(Referring expression grounding data)
☆ ☆ ☆
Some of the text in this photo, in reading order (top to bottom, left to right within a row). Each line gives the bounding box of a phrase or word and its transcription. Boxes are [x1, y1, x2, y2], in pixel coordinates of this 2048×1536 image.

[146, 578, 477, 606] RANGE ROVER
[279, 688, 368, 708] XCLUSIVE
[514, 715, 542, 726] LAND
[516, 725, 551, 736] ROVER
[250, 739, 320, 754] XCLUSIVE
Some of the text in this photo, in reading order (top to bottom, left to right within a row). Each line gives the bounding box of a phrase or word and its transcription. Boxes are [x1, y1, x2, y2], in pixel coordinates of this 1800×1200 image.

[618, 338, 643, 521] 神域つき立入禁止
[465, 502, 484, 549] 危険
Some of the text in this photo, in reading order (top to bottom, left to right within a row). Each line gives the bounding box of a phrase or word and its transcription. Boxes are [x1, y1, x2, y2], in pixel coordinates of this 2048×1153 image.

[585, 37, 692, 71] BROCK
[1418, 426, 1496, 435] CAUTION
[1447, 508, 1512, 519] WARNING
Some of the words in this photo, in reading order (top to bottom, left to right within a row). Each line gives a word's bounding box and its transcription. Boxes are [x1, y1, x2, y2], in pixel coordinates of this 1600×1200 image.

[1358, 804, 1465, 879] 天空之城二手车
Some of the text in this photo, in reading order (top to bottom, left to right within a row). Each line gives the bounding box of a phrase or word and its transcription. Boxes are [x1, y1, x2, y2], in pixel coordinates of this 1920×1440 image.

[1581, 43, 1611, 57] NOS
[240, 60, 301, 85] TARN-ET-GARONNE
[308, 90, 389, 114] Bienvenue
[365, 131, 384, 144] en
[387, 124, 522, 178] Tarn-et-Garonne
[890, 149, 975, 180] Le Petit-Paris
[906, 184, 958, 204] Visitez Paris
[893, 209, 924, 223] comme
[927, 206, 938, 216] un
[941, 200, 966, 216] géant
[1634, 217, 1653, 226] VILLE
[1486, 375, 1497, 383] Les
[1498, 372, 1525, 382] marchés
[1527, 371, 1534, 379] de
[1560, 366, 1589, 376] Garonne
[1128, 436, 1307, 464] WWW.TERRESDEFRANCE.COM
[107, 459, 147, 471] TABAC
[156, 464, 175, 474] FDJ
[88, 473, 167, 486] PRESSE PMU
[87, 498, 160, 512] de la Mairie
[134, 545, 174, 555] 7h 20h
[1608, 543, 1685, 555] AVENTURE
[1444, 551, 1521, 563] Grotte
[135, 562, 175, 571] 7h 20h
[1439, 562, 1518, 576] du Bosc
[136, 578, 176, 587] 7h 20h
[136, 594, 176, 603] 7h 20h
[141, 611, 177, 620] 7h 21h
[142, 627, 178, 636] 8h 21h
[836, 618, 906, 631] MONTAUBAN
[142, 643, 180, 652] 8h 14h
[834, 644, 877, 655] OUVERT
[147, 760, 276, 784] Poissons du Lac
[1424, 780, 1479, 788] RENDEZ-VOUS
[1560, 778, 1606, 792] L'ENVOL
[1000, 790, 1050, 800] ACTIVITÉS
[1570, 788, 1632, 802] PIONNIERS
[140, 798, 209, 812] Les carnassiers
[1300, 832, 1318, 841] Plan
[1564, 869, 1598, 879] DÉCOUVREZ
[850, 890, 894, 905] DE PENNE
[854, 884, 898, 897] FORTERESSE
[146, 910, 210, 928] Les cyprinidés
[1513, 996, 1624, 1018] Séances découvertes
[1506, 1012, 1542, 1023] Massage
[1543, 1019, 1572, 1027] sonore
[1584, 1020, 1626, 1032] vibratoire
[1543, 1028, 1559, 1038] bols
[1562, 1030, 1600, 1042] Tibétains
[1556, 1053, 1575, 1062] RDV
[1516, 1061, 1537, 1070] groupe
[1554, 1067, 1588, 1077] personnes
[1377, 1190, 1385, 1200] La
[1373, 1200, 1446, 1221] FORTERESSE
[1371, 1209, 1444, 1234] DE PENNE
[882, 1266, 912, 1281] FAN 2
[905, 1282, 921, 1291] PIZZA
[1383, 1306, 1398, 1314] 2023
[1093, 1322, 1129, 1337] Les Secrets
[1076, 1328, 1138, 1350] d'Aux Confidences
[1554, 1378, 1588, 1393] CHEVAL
☆ ☆ ☆
> **PROMPT**:
Return the lines above exactly, keeping every word.

> **WRITTEN SOLUTION**:
Some of the text in this photo, in reading order (top to bottom, left to right within a row). Each line gives the bounding box of a phrase or word and its transcription. Boxes are [x1, y1, x2, y2], in pixel coordinates of this 2048×1536 image.

[146, 578, 477, 606] RANGE ROVER
[279, 688, 368, 708] XCLUSIVE
[514, 715, 542, 726] LAND
[516, 725, 551, 736] ROVER
[250, 739, 320, 754] XCLUSIVE
Some of the text in this photo, in reading order (top to bottom, left to right within a row). Each line gives the bounding box of a phrase or word and its transcription. Boxes are [x1, y1, x2, y2], in pixel coordinates of this 1800×1200 image.

[618, 338, 643, 521] 神域つき立入禁止
[465, 502, 484, 549] 危険
Some of the text in this photo, in reading order (top to bottom, left to right within a row). Each line gives the bounding box of a phrase or word and its transcription. Boxes are [x1, y1, x2, y2], in pixel coordinates of this 2048×1153 image.

[585, 37, 692, 71] BROCK
[1418, 426, 1496, 435] CAUTION
[1447, 508, 1512, 519] WARNING
Some of the words in this photo, in reading order (top to bottom, left to right within a row). Each line gives a word's bounding box and its transcription. Boxes are [x1, y1, x2, y2], in pixel coordinates of this 1600×1200 image.

[1358, 804, 1465, 879] 天空之城二手车
Some of the text in this photo, in reading order (top to bottom, left to right within a row). Each line gives the bounding box of a phrase or word and its transcription. Boxes are [x1, y1, x2, y2], in pixel coordinates of this 1920×1440 image.

[1581, 43, 1611, 57] NOS
[240, 60, 301, 85] TARN-ET-GARONNE
[308, 90, 389, 114] Bienvenue
[365, 131, 384, 144] en
[387, 124, 522, 178] Tarn-et-Garonne
[890, 149, 975, 180] Le Petit-Paris
[906, 184, 958, 204] Visitez Paris
[893, 209, 924, 223] comme
[927, 206, 938, 216] un
[941, 200, 966, 216] géant
[1634, 217, 1653, 226] VILLE
[1486, 375, 1497, 383] Les
[1498, 372, 1525, 382] marchés
[1527, 371, 1534, 379] de
[1560, 366, 1589, 376] Garonne
[1128, 436, 1307, 464] WWW.TERRESDEFRANCE.COM
[107, 459, 147, 471] TABAC
[156, 464, 175, 474] FDJ
[88, 473, 167, 486] PRESSE PMU
[87, 498, 160, 512] de la Mairie
[134, 545, 174, 555] 7h 20h
[1608, 543, 1685, 555] AVENTURE
[1444, 551, 1521, 563] Grotte
[135, 562, 175, 571] 7h 20h
[1439, 562, 1518, 576] du Bosc
[136, 578, 176, 587] 7h 20h
[136, 594, 176, 603] 7h 20h
[141, 611, 177, 620] 7h 21h
[142, 627, 178, 636] 8h 21h
[836, 618, 906, 631] MONTAUBAN
[142, 643, 180, 652] 8h 14h
[834, 644, 877, 655] OUVERT
[147, 760, 276, 784] Poissons du Lac
[1424, 780, 1479, 788] RENDEZ-VOUS
[1560, 778, 1606, 792] L'ENVOL
[1000, 790, 1050, 800] ACTIVITÉS
[1570, 788, 1632, 802] PIONNIERS
[140, 798, 209, 812] Les carnassiers
[1300, 832, 1318, 841] Plan
[1564, 869, 1598, 879] DÉCOUVREZ
[850, 890, 894, 905] DE PENNE
[854, 884, 898, 897] FORTERESSE
[146, 910, 210, 928] Les cyprinidés
[1513, 996, 1624, 1018] Séances découvertes
[1506, 1012, 1542, 1023] Massage
[1543, 1019, 1572, 1027] sonore
[1584, 1020, 1626, 1032] vibratoire
[1543, 1028, 1559, 1038] bols
[1562, 1030, 1600, 1042] Tibétains
[1556, 1053, 1575, 1062] RDV
[1516, 1061, 1537, 1070] groupe
[1554, 1067, 1588, 1077] personnes
[1377, 1190, 1385, 1200] La
[1373, 1200, 1446, 1221] FORTERESSE
[1371, 1209, 1444, 1234] DE PENNE
[882, 1266, 912, 1281] FAN 2
[905, 1282, 921, 1291] PIZZA
[1383, 1306, 1398, 1314] 2023
[1093, 1322, 1129, 1337] Les Secrets
[1076, 1328, 1138, 1350] d'Aux Confidences
[1554, 1378, 1588, 1393] CHEVAL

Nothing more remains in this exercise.